_Problem to work on_:
Write each line below back out exactly, omitting its pictures.

_Data for the task_:
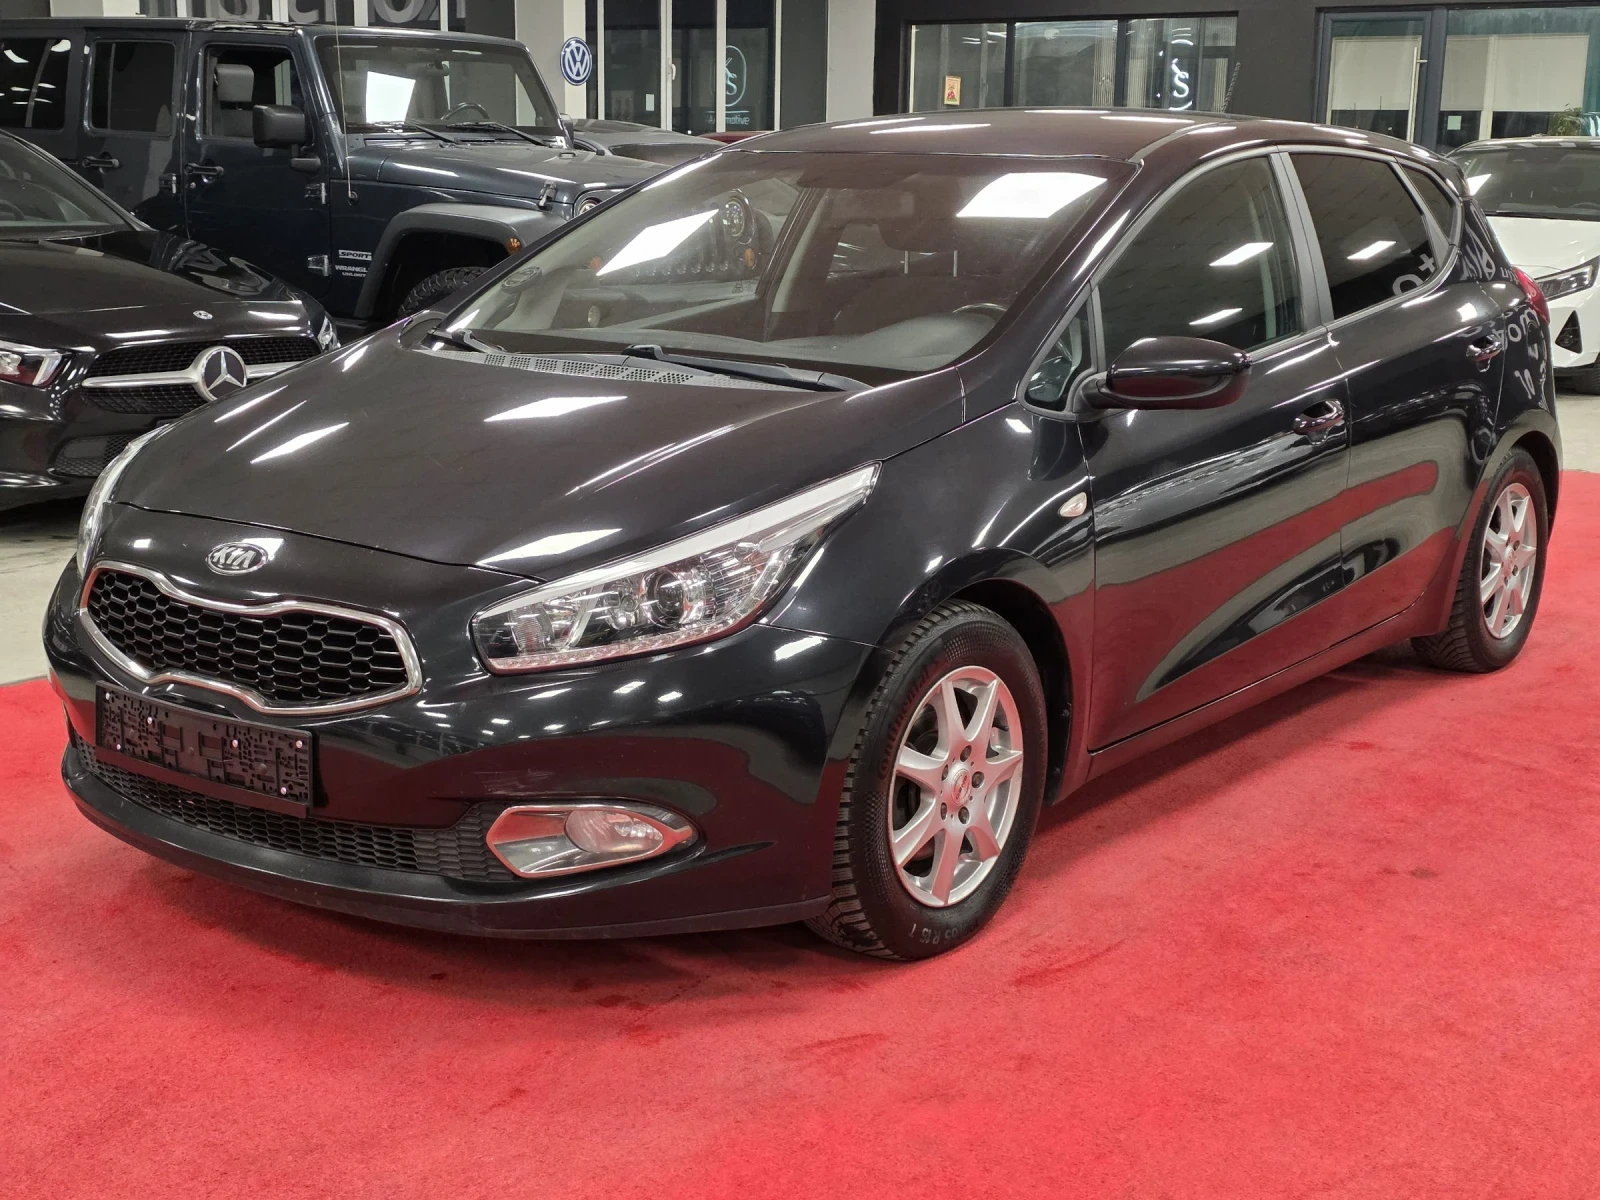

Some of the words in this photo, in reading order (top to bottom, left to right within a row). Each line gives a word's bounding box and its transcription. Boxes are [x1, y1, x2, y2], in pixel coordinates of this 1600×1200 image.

[563, 40, 591, 83] VW
[340, 251, 370, 259] SPORT
[335, 264, 368, 272] WRANGL
[212, 546, 257, 569] KIA

_Response area_:
Some of the words in this photo, in reading order (top to bottom, left to right within a row). Each line gives a word's bounding box and its transcription. Boxes are [x1, y1, x2, y2], in pixel coordinates of this 1600×1200 image.

[563, 40, 591, 83] VW
[340, 251, 370, 259] SPORT
[335, 264, 368, 272] WRANGL
[212, 546, 257, 569] KIA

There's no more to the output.